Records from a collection
════════
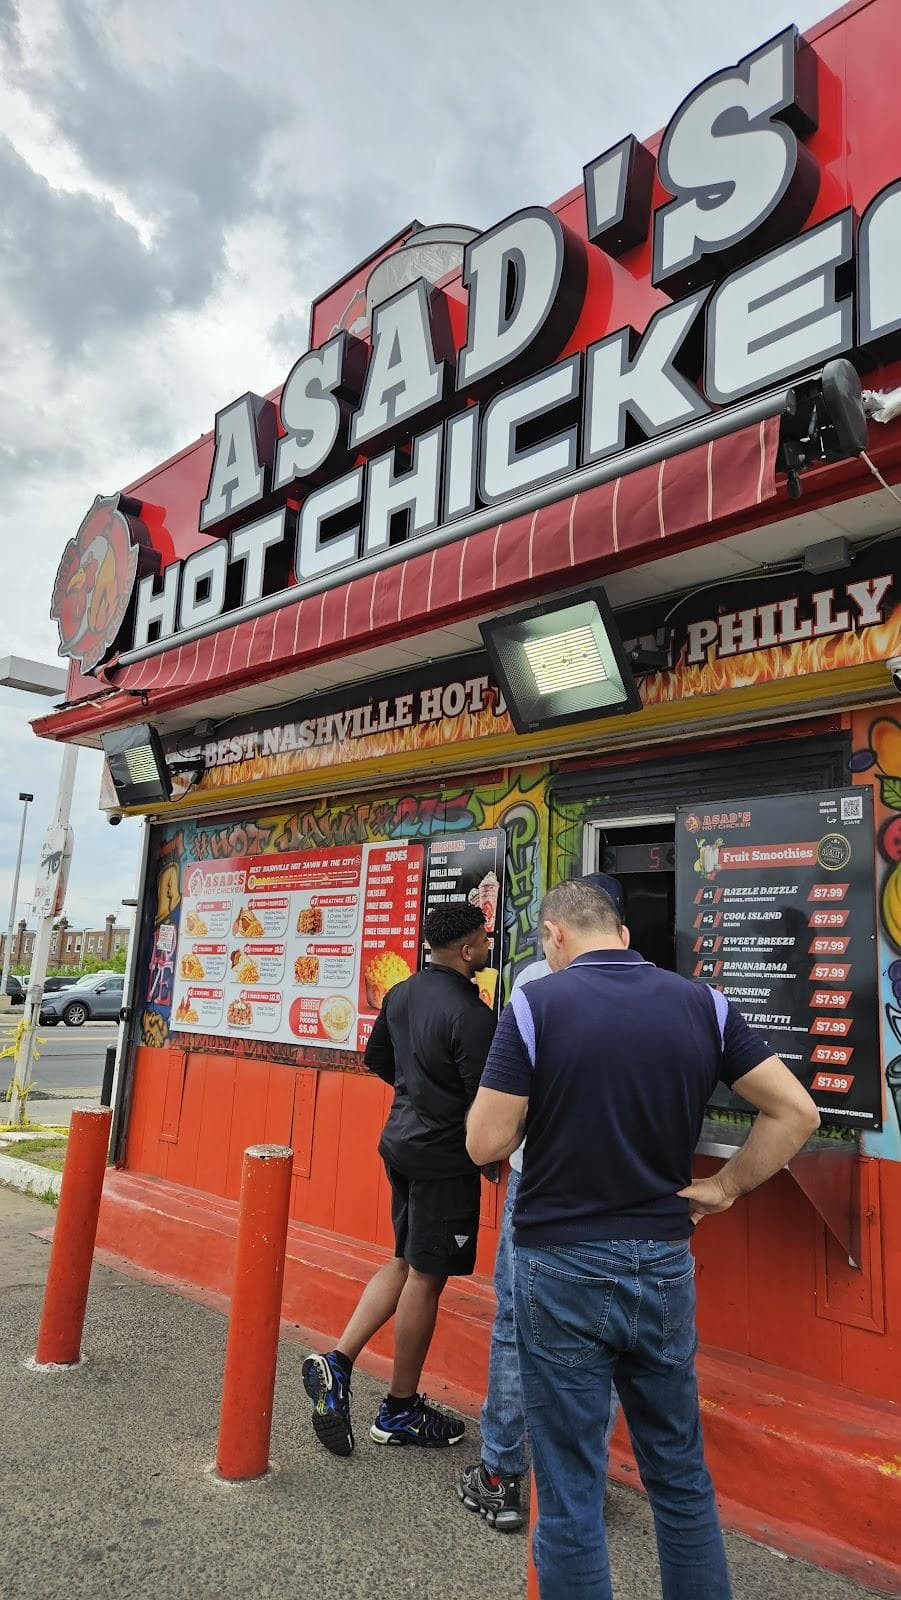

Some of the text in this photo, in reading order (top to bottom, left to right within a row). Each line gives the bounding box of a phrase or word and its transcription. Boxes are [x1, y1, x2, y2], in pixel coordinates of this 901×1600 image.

[199, 23, 800, 533] ASAD'S
[132, 502, 288, 652] HOT
[686, 574, 894, 664] PHILLY
[204, 731, 260, 769] BEST
[263, 694, 414, 758] NASHVILLE
[418, 675, 490, 723] HOT
[703, 811, 751, 826] ASAD'S
[384, 850, 408, 862] SIDES
[722, 847, 813, 863] Fruit Smoothies
[204, 870, 246, 888] ASAD'S
[723, 887, 760, 896] RAZZLE
[760, 885, 798, 895] DAZZLE
[814, 888, 843, 898] $7.99
[723, 912, 747, 920] COOL
[747, 911, 782, 920] ISLAND
[814, 914, 844, 924] $7.99
[723, 937, 757, 945] SWEET
[757, 937, 796, 946] BREEZE
[815, 941, 844, 950] $7.99
[723, 961, 788, 971] BANANARAMA
[815, 967, 845, 977] $7.99
[723, 986, 771, 997] SUNSHINE
[815, 994, 846, 1005] $7.99
[753, 1013, 792, 1024] FRUTTI
[816, 1021, 846, 1032] $7.99
[817, 1049, 847, 1061] $7.99
[817, 1076, 848, 1089] $7.99
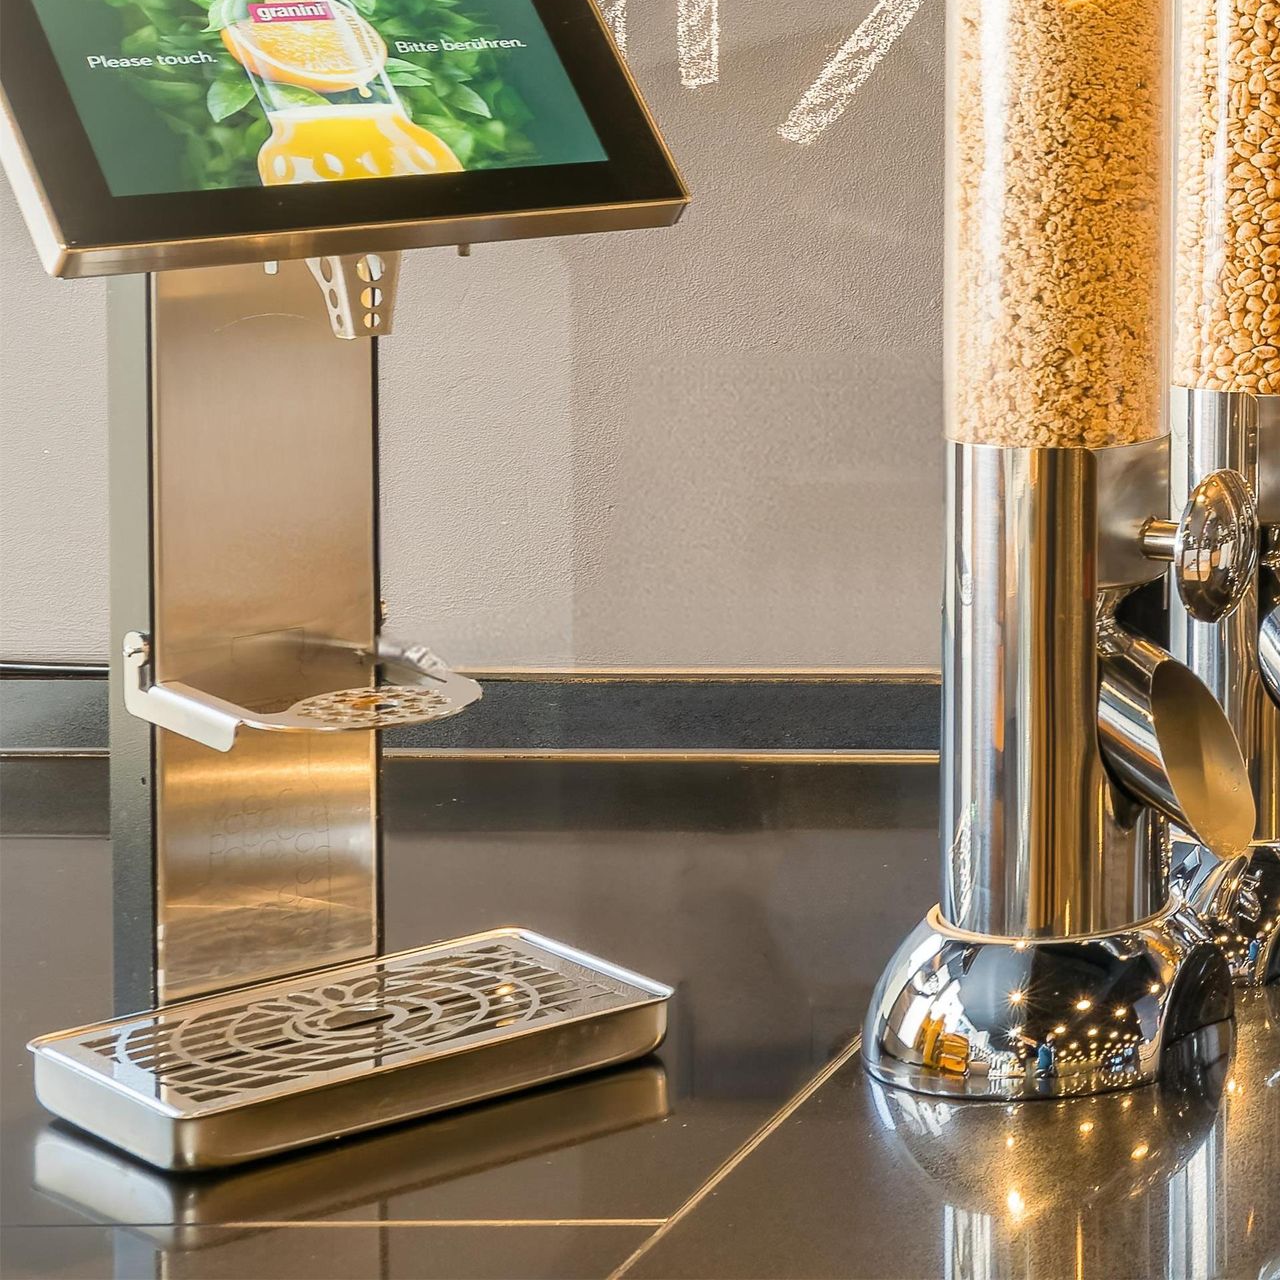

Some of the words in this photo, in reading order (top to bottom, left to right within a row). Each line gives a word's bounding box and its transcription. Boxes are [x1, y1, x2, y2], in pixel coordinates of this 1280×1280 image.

[256, 3, 326, 21] granini
[395, 39, 438, 54] Bitte
[440, 35, 527, 52] berühren.
[87, 54, 153, 69] Please
[156, 50, 218, 65] touch.
════════
**Action item**: Could you set down the data exactly as given, minus its pictures?

**Expected answer**:
Some of the text in this photo, in reading order (top to bottom, left to right within a row). Each line gives the bounding box of a phrase or word and its transcription. Boxes are [x1, y1, x2, y2], in pixel coordinates of this 901×1600 image.

[199, 23, 800, 533] ASAD'S
[132, 502, 288, 652] HOT
[686, 574, 894, 664] PHILLY
[204, 731, 260, 769] BEST
[263, 694, 414, 758] NASHVILLE
[418, 675, 490, 723] HOT
[703, 811, 751, 826] ASAD'S
[384, 850, 408, 862] SIDES
[722, 847, 813, 863] Fruit Smoothies
[204, 870, 246, 888] ASAD'S
[723, 887, 760, 896] RAZZLE
[760, 885, 798, 895] DAZZLE
[814, 888, 843, 898] $7.99
[723, 912, 747, 920] COOL
[747, 911, 782, 920] ISLAND
[814, 914, 844, 924] $7.99
[723, 937, 757, 945] SWEET
[757, 937, 796, 946] BREEZE
[815, 941, 844, 950] $7.99
[723, 961, 788, 971] BANANARAMA
[815, 967, 845, 977] $7.99
[723, 986, 771, 997] SUNSHINE
[815, 994, 846, 1005] $7.99
[753, 1013, 792, 1024] FRUTTI
[816, 1021, 846, 1032] $7.99
[817, 1049, 847, 1061] $7.99
[817, 1076, 848, 1089] $7.99

Some of the words in this photo, in reading order (top to bottom, left to right within a row). Each line gives a word's bounding box and its transcription. Boxes are [x1, y1, x2, y2], in pixel coordinates of this 1280×1280 image.

[256, 3, 326, 21] granini
[395, 39, 438, 54] Bitte
[440, 35, 527, 52] berühren.
[87, 54, 153, 69] Please
[156, 50, 218, 65] touch.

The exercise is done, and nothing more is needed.